[sork] password string length

Eric Rostetter eric.rostetter@physics.utexas.edu
Tue, 9 Jul 2002 20:11:46 -0500


Quoting Erik Slooff <erik@slooff.com>:

> I was wondering if it's a good idea to have 2 variables defined per server in 
> passwd/config/conf.php for password length control. Eg. min_password_length
> and max_password_length added to the $conf['server']['......'] arrays.

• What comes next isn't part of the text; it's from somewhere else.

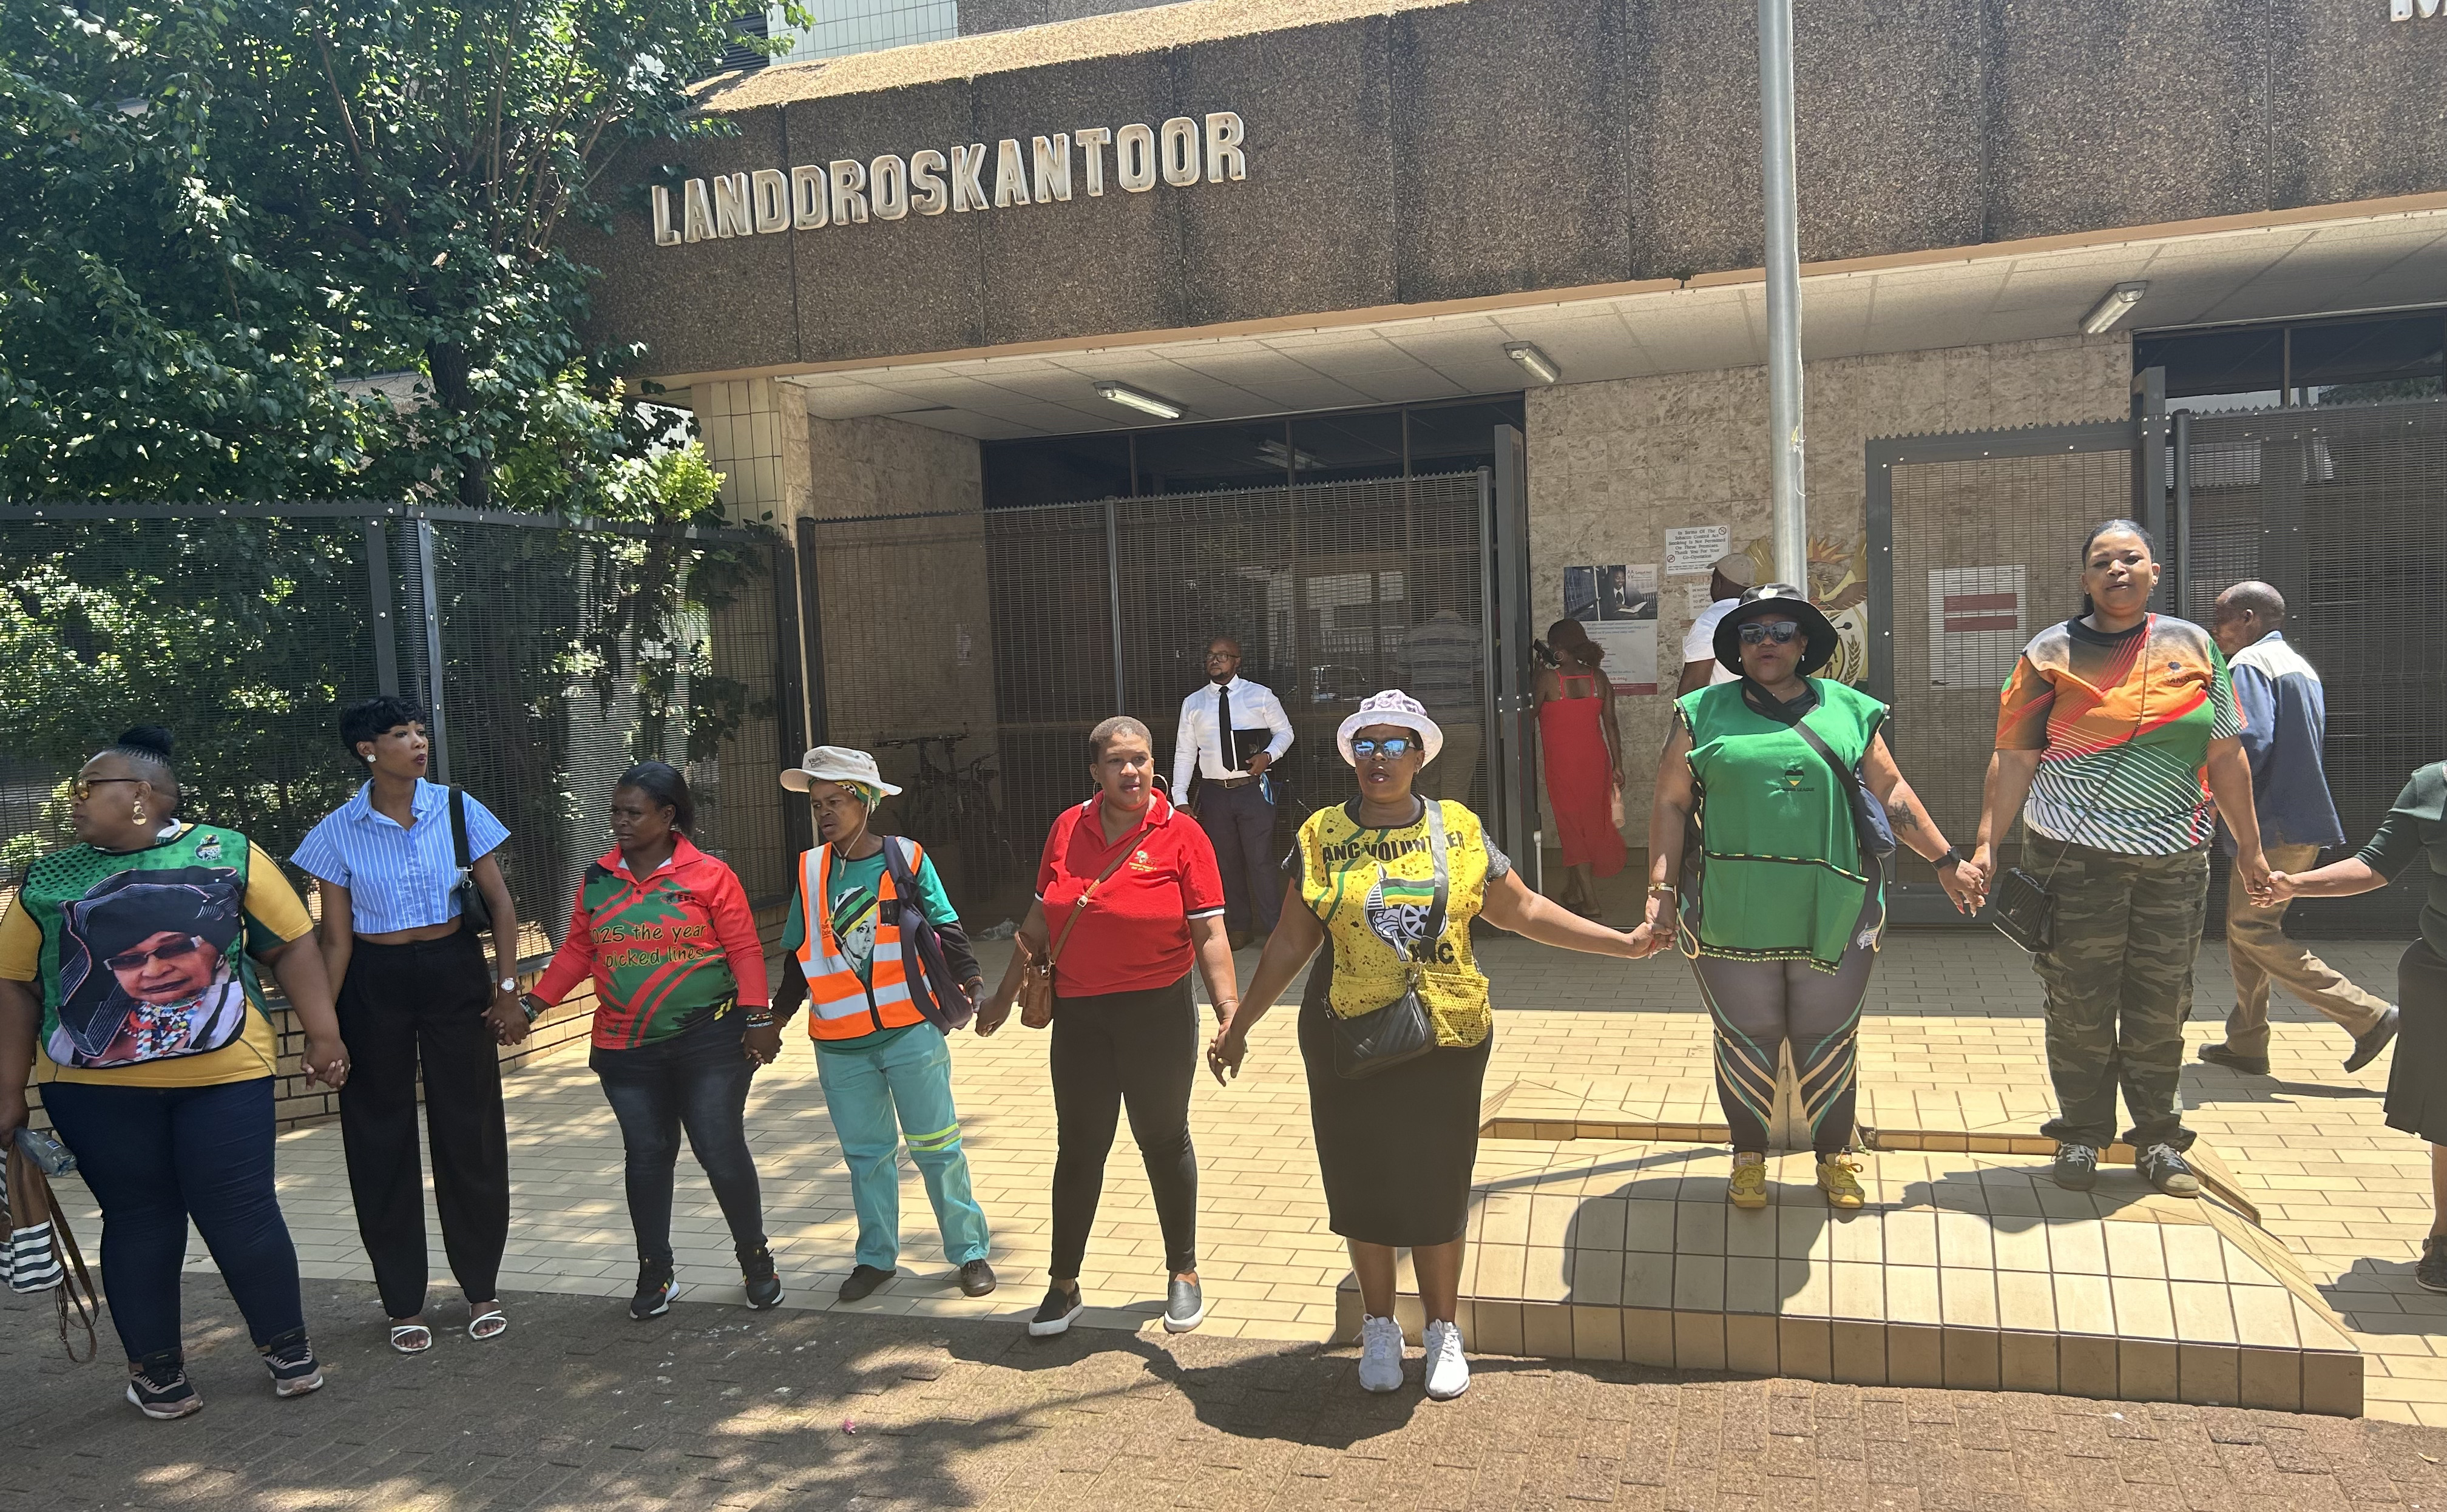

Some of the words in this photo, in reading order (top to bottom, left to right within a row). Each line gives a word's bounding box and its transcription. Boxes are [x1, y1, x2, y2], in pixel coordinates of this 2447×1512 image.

Still not warm on the idea of having seperate size restrictions per server.
Leaving it as a global size limit for all servers for the time being. Have
not heard any complaints about that, so I assume everyone else is happy with
that arrangement.

> To prevent this you could show a message in the password change screen that 
> shows what the min and max length should be (and maybe even adjust the field 
> length in the form?).

The forms are now adjusted to the maxlength if it is present, so the user
can not enter more than maxlength characters in the form.  Any additional
message(s) would probably be overkill, so I didn't add any. In CVS HEAD only
for now.

-- 
Eric Rostetter
The Department of Physics
The University of Texas at Austin

"TAD (Technology Attachment Disorder) is an unshakable, impractical devotion
to a brand, platform, product line, or programming language. It's relatively
harmless among the rank and file, but when management is afflicted the damage
can be measured in dollars. It's also contagious -- someone with sufficient
political clout can infect an entire organization."

--"Enterprise Strategies" columnist Tom Yager.